• _DIRECTIONS FOR THIS TASK_: Drop the images. Copy every line below character for character.

• _DATA EXTRACTS_:
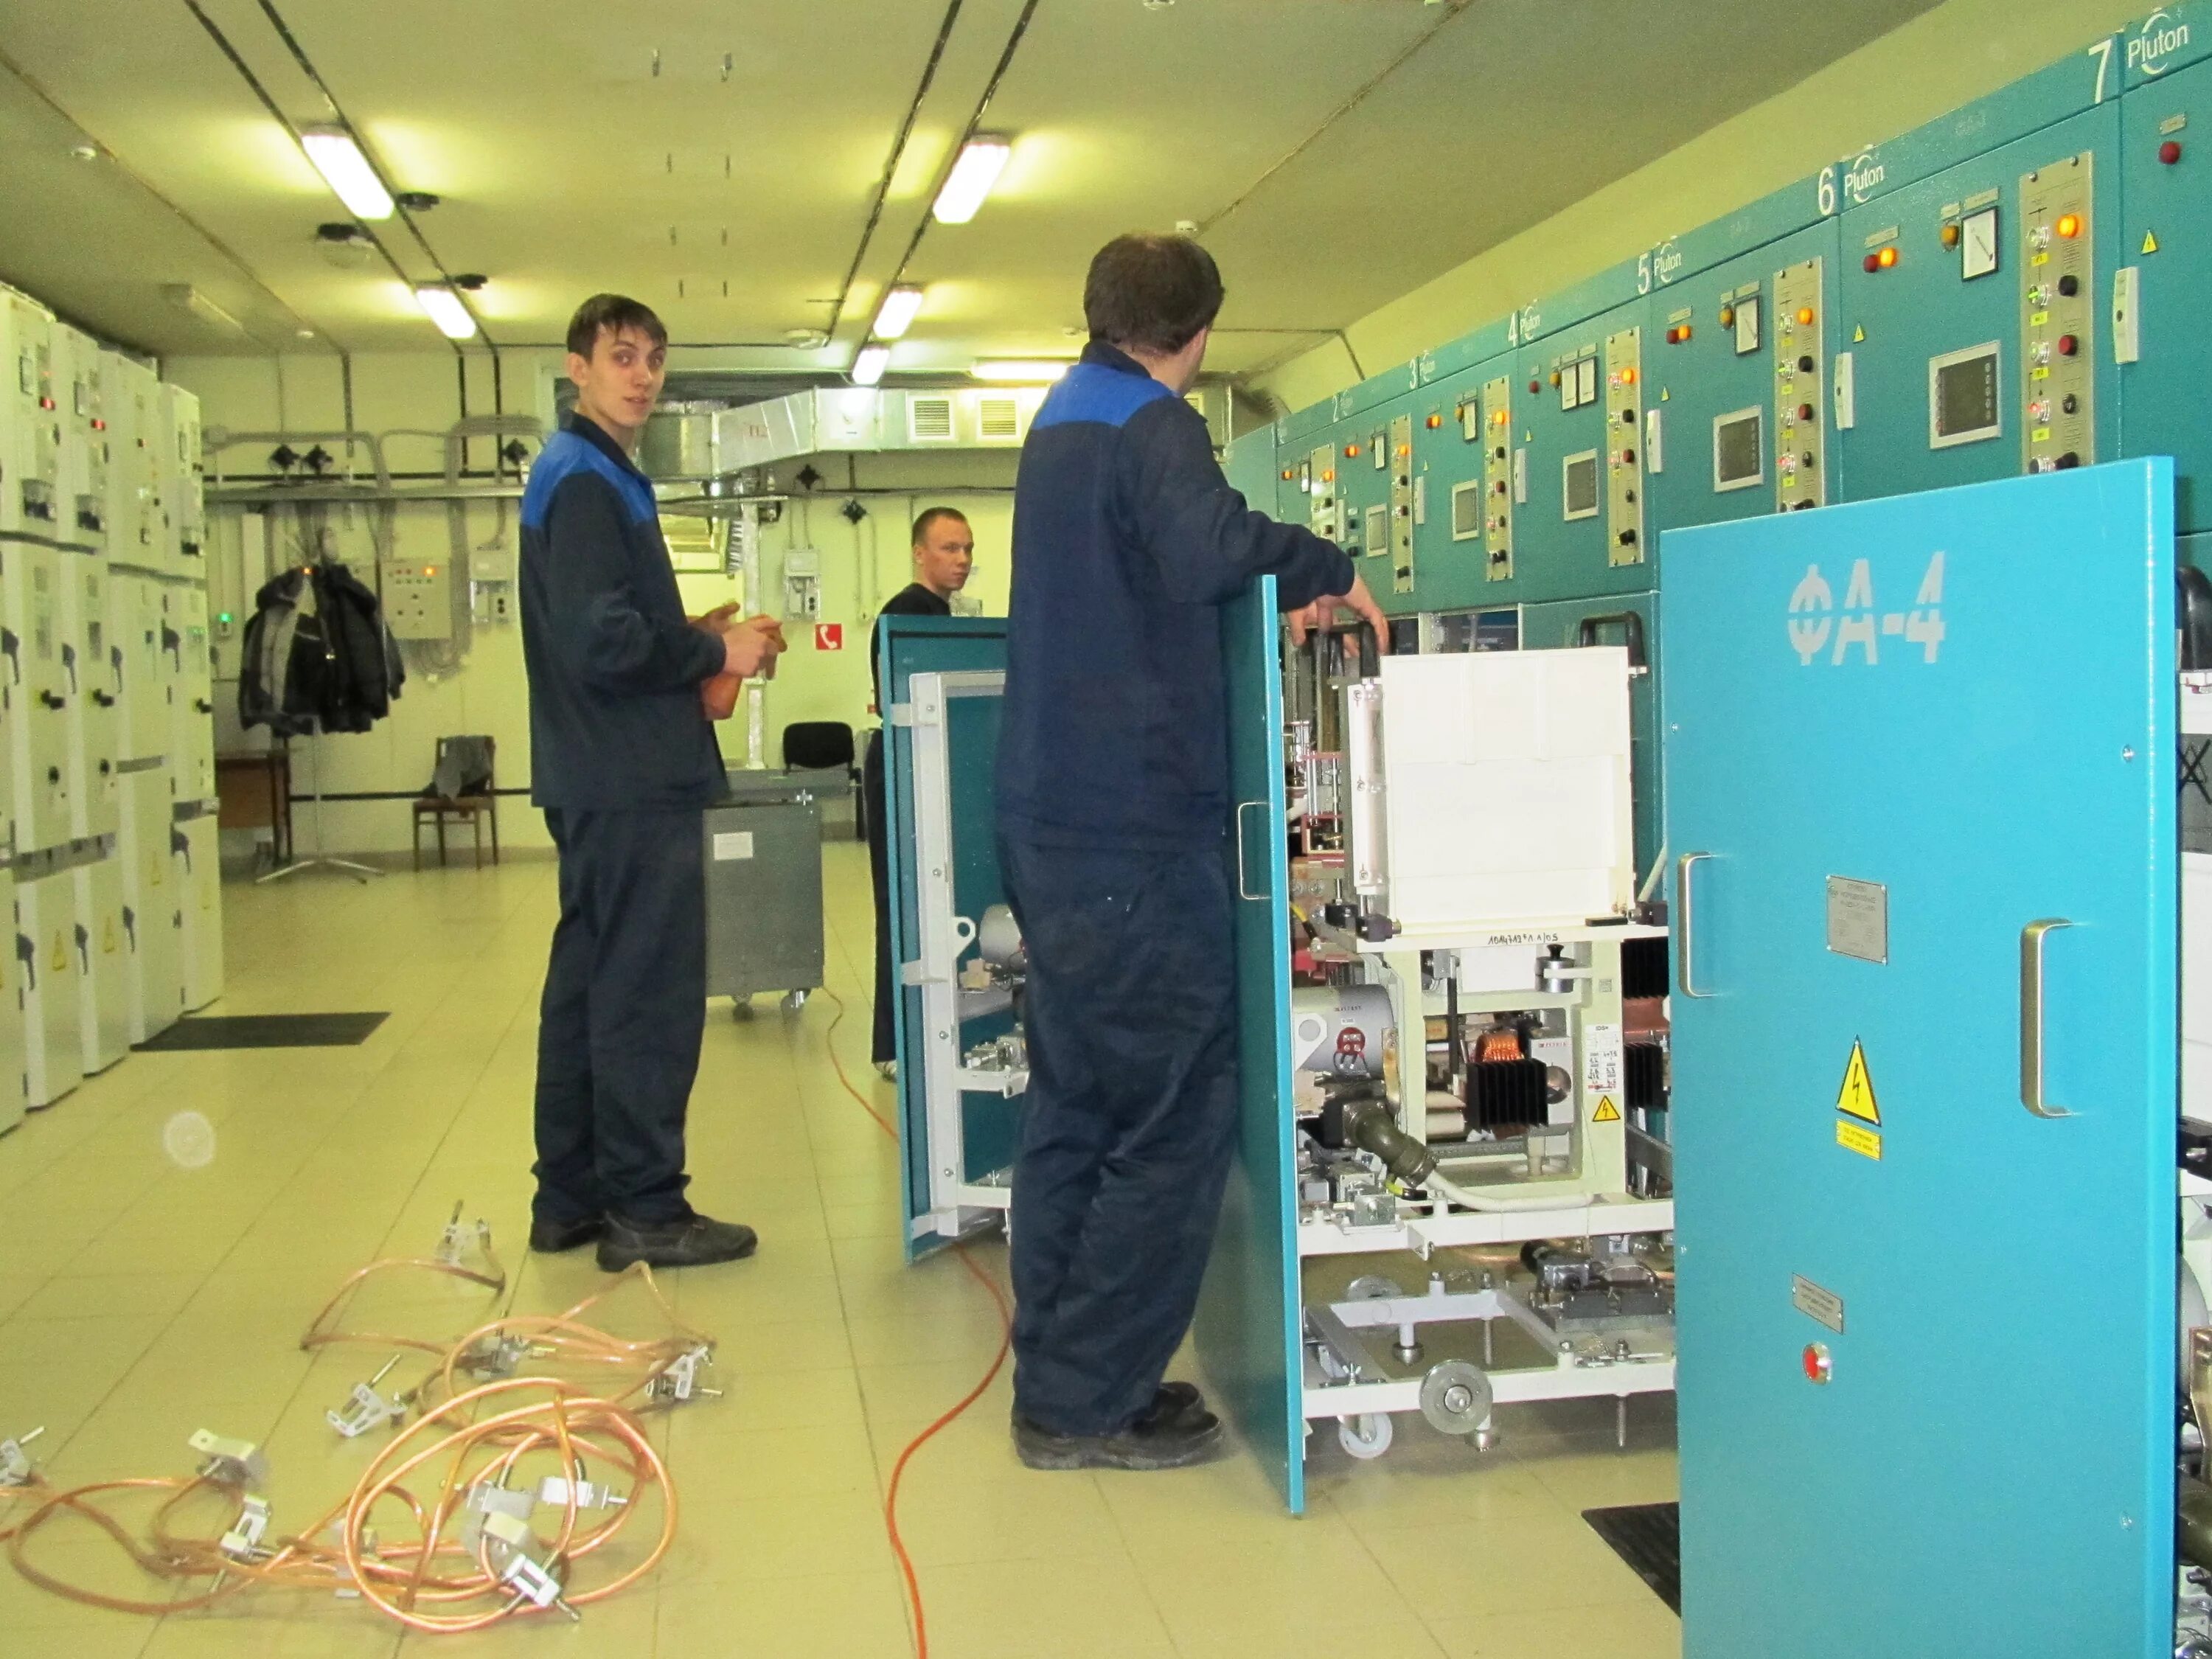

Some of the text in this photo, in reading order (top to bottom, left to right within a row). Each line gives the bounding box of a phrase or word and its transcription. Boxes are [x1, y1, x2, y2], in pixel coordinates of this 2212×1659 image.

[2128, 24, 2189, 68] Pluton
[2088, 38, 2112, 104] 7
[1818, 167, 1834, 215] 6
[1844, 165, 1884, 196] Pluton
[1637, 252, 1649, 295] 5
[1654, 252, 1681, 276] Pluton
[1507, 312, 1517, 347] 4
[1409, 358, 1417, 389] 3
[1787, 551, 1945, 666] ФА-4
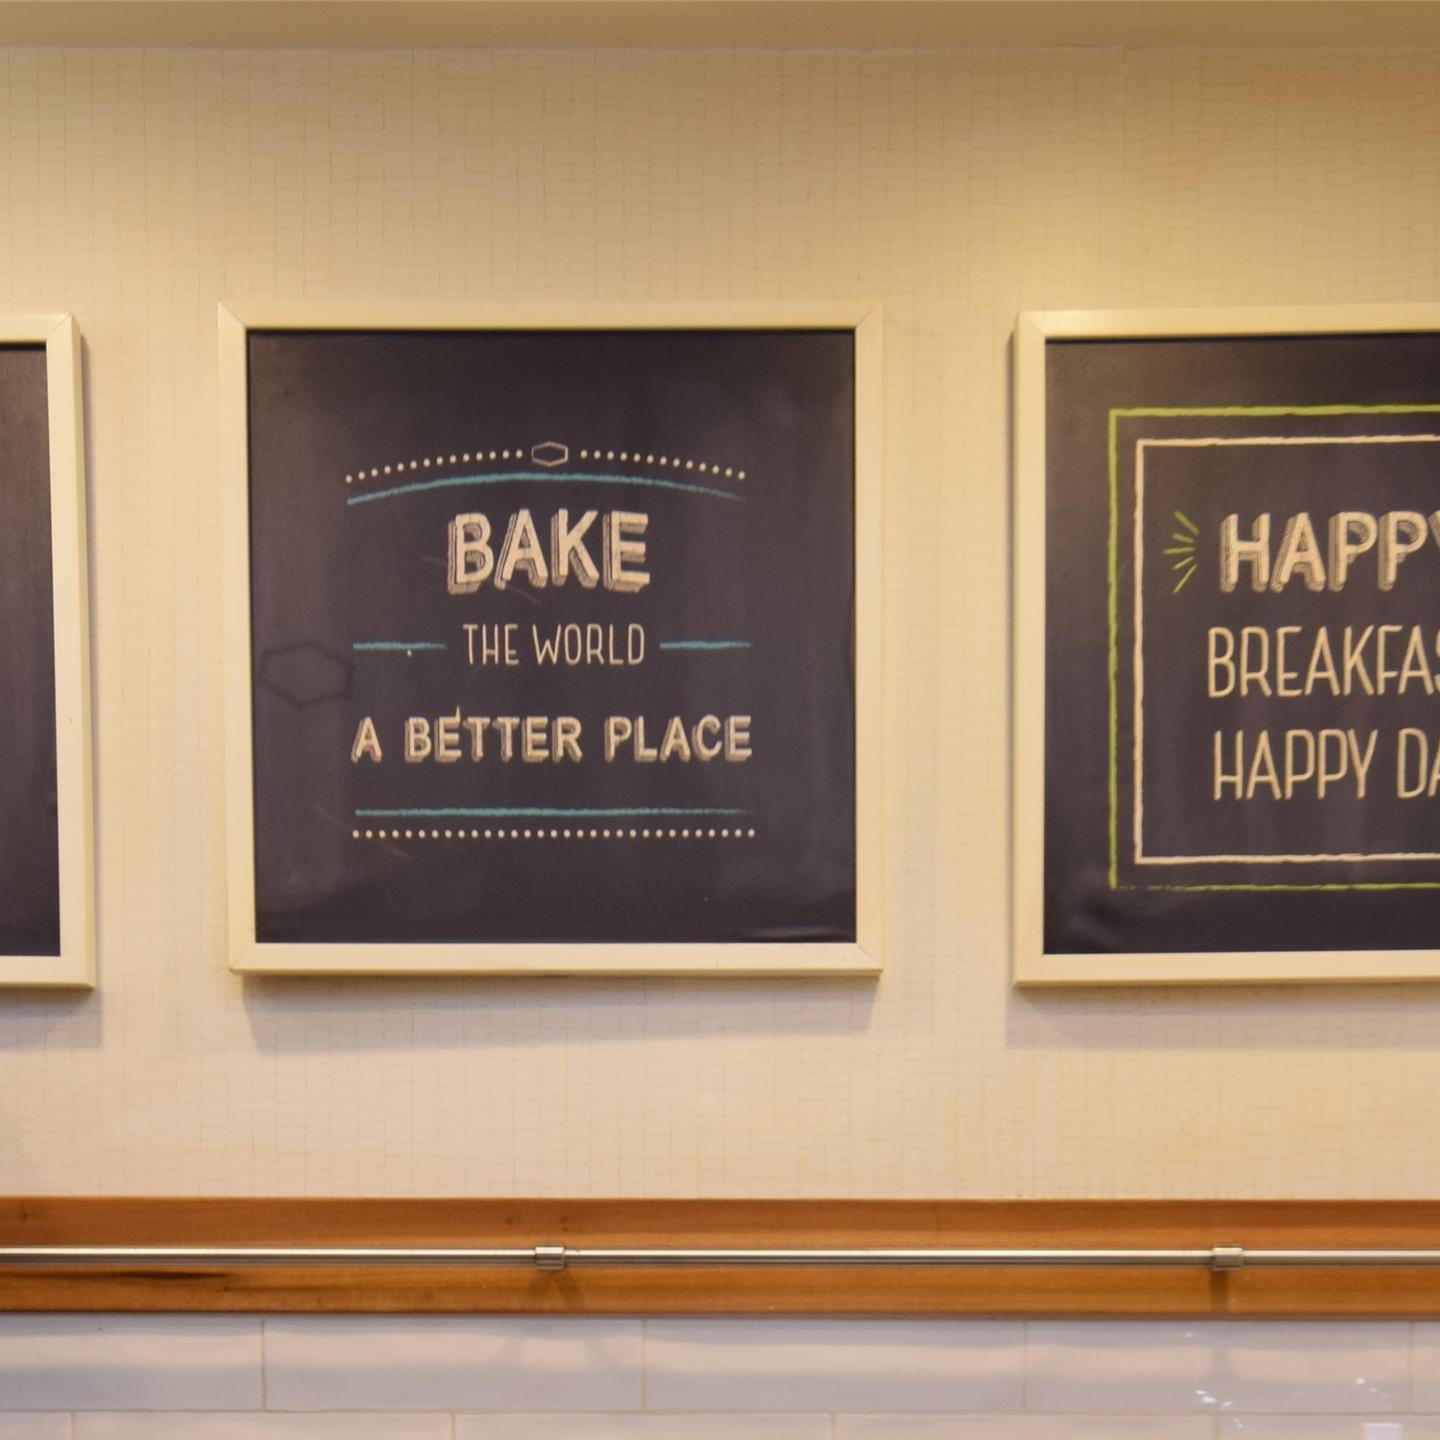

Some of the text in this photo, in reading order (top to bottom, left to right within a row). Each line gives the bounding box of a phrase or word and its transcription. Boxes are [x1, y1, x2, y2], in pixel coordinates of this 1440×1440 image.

• _COMPLETED EXERCISE_:
Some of the text in this photo, in reading order (top to bottom, left to right within a row). Each line gives the bounding box of a phrase or word and its transcription. Boxes are [x1, y1, x2, y2], in pixel coordinates of this 2212×1659 image.

[2128, 24, 2189, 68] Pluton
[2088, 38, 2112, 104] 7
[1818, 167, 1834, 215] 6
[1844, 165, 1884, 196] Pluton
[1637, 252, 1649, 295] 5
[1654, 252, 1681, 276] Pluton
[1507, 312, 1517, 347] 4
[1409, 358, 1417, 389] 3
[1787, 551, 1945, 666] ФА-4

Some of the text in this photo, in reading order (top to bottom, left to right within a row). Each line gives the bounding box of a phrase or word and its transcription. Boxes are [x1, y1, x2, y2], in pixel coordinates of this 1440×1440 image.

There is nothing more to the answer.